Corinium Dobunnorum, Roman Cirencester, was the second largest town in Roman Britain. After the army left the civilian settlement, or vicus, which had built up in the vicinity of the fort was remodelled. In the centre of the town stood the main public buildings and the Basilica Forum complex. By the 3rd century the town was equipped with walls and monumental gateways.
With the exception of London, Cirencester boasts the largest concentration of Romano-British mosaics in the country. Over 90 mosaics are known from the town and many more from the surrounding countryside. Although many of these remain in situ, most of the important mosaics are now in the Corinium Museum.
From the 5th century, Saxons from north-west Germany seem to have been the main settlers in the Thames Valley, from where they spread to the Cotswold Hills. Part of a large settlement has been discovered in Lechlade, where excavations have revealed six small buildings, either houses or workshops, with sunken floors. This suggests a modest community surviving on its local resources, in complete contrast to the exotic wealth of their burials.
The Norman Conquest in 1066 had little immediate effect on the Cotswolds. Cirencester remained a royal estate and a market was granted to the manor in 1086; over the next 300 years Cirencester changed from being a farming community to a centre of bustling trade. Throughout the 12th and 13th centuries the English wool trade flourished and Cotswold wool became much sought after. The most important industry in the town was the manufacture of woollen cloth. Fine churches and cathedrals were built with money earned from the wool trade and many abbeys had their own flocks of sheep.
The Civil War
At the beginning of the seventeenth century the Cotswolds saw an economic decline which brought with it social unrest. The wool trade collapsed, war raged on the Continent and irresponsible royal fiscal policies had a long-lasting impact on the people of Cirencester, who depended on the wool trade for their livelihood. By the 1630s political and religious opinion in Gloucestershire was increasingly polarised and there was open opposition to the personal rule of Charles I (r.1625–1649).
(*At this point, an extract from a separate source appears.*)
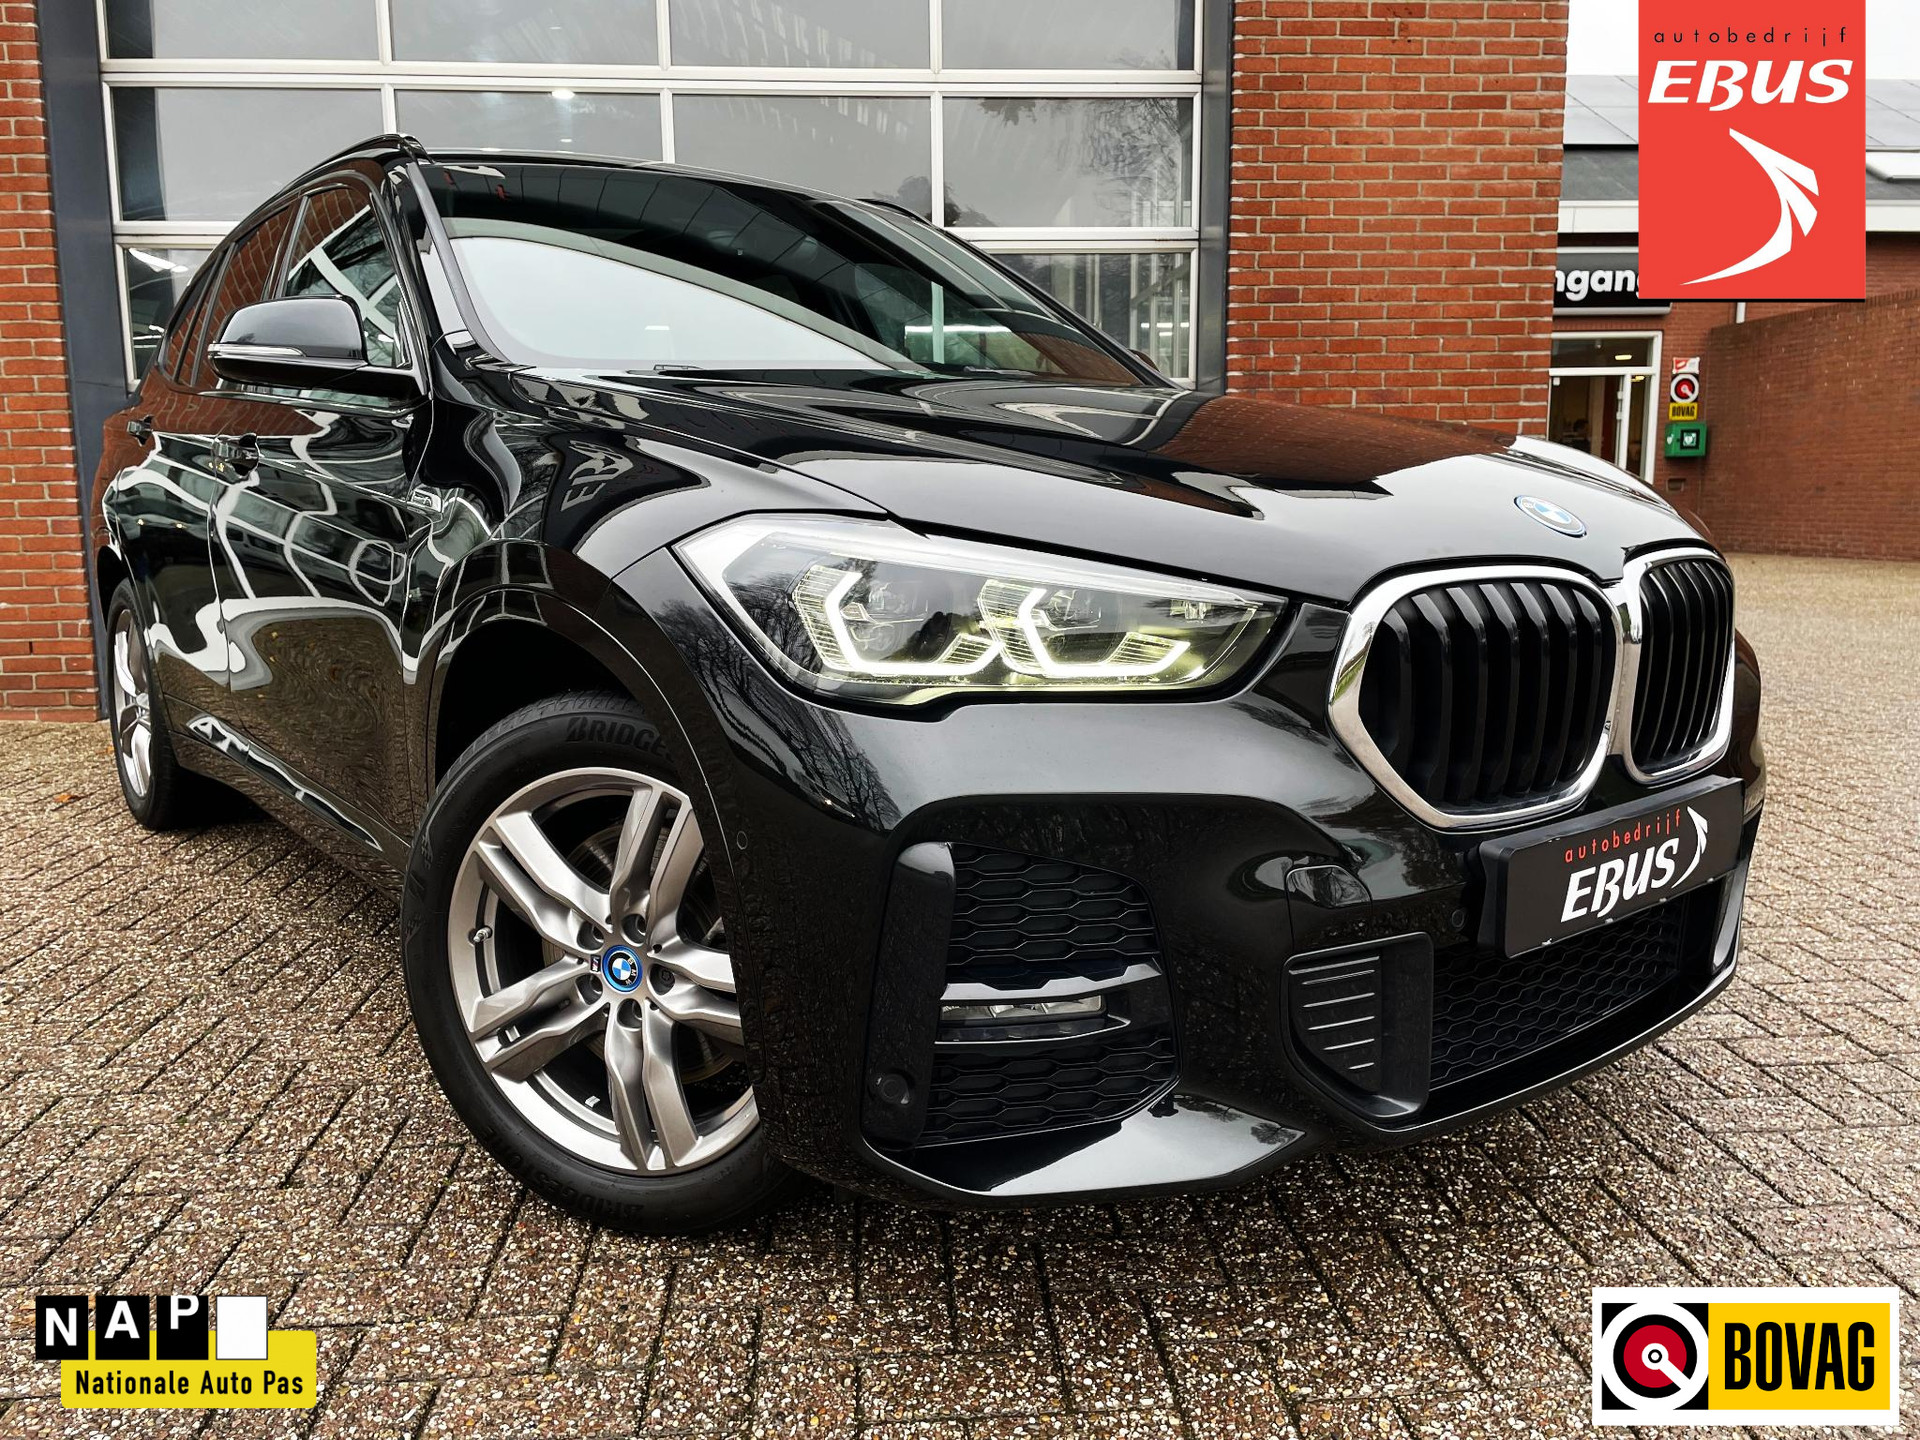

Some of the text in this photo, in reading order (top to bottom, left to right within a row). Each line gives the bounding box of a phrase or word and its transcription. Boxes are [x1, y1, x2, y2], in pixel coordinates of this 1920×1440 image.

[1555, 269, 1639, 301] ngan
[1671, 405, 1695, 417] BOVAG
[1564, 809, 1681, 863] autobedrijf
[1561, 837, 1680, 923] EBUS
When war finally broke out between the king and Parliament in 1642, the kingdom was plunged into turmoil. The people of Cirencester, led by a number of prominent citizens, declared for Parliament and established a formidable garrison. Owing to its strategic central position the Cotswolds was fought over throughout the Civil War, and Cirencester, at the junction of three major roads, was the key to its control. On 2 February 1643 Prince Rupert launched a successful attack on the town. Over 300 defenders were killed and 1,200 prisoners were taken and marched to prison in Oxford. The town was ransacked and wool, cattle, sheep and horses were seized. The war brought financial ruin to many in Gloucestershire and near-famine conditions to parts of the county.
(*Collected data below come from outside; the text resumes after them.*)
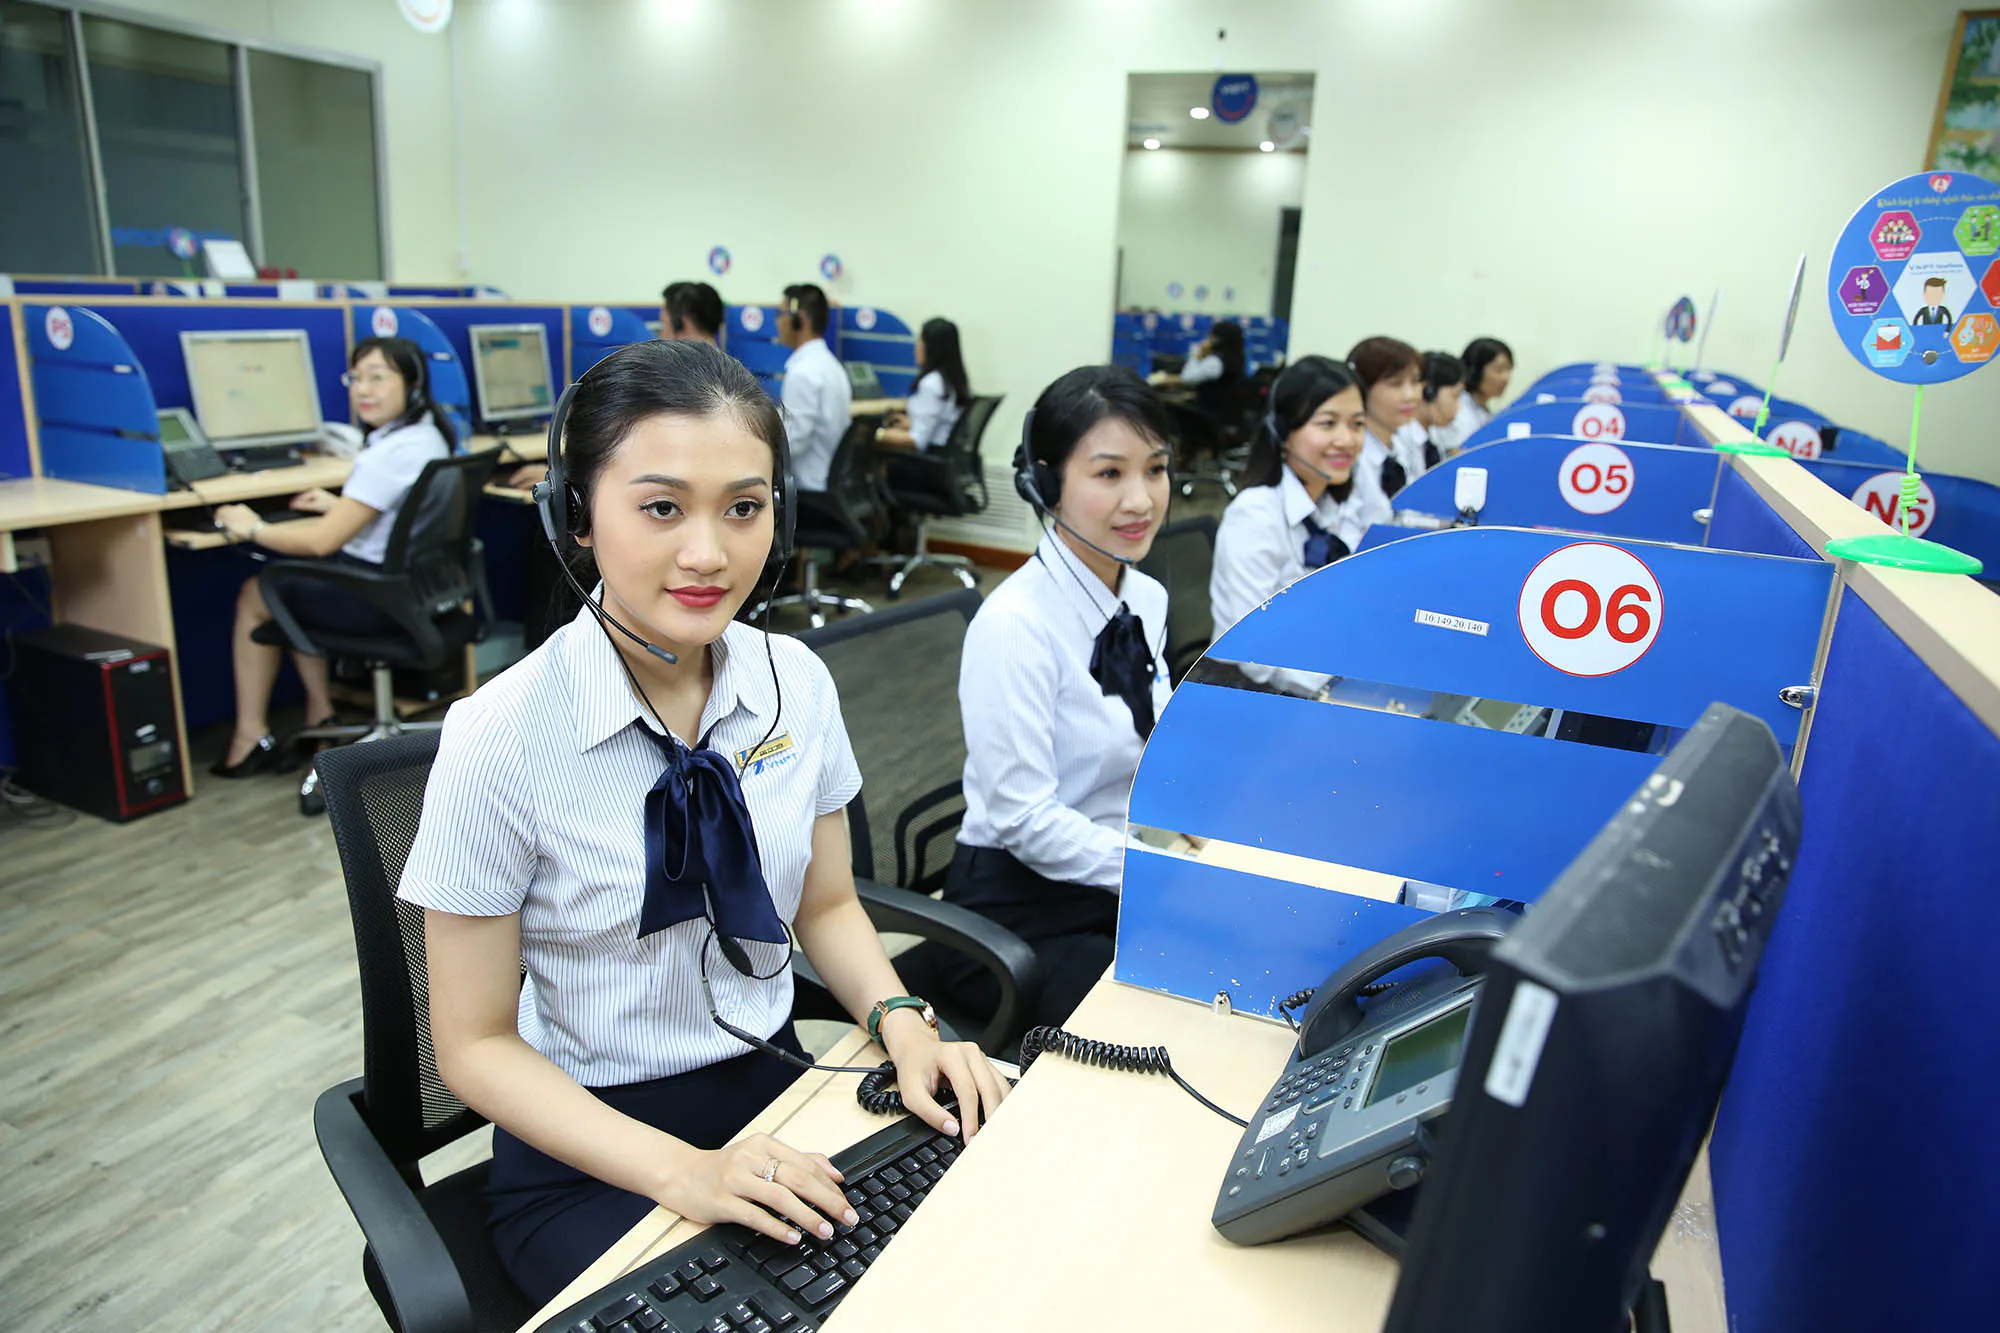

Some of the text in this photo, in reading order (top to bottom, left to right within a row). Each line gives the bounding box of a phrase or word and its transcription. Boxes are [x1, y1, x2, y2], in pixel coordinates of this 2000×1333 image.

[1582, 416, 1619, 439] O4
[1571, 463, 1628, 494] O5
[1865, 491, 1928, 529] N5
[1424, 613, 1483, 632] 10.149.20.140
[1541, 579, 1652, 643] O6
Eighteenth to the Twentieth Century
The Industrial Revolution arrived in Cirencester by canal, the Cirencester arm of the Thames and Severn Canal opening in 1789. The 18th century also saw the first publication of the Cirencester Flying Post, the playing of a new sport, cricket and the opening of a theatre in Gloucester Street. Through the nineteenth century Cirencester doubled in size and population. As the town developed, the processing of locally produced goods came to be an important factor. The Corn Hall opened in 1862, enabling the corn dealers to transact their business under cover for the first time. As commerce expanded, so did the accompanying infrastructure, with a number of private and commercial banks being founded at the end of the century.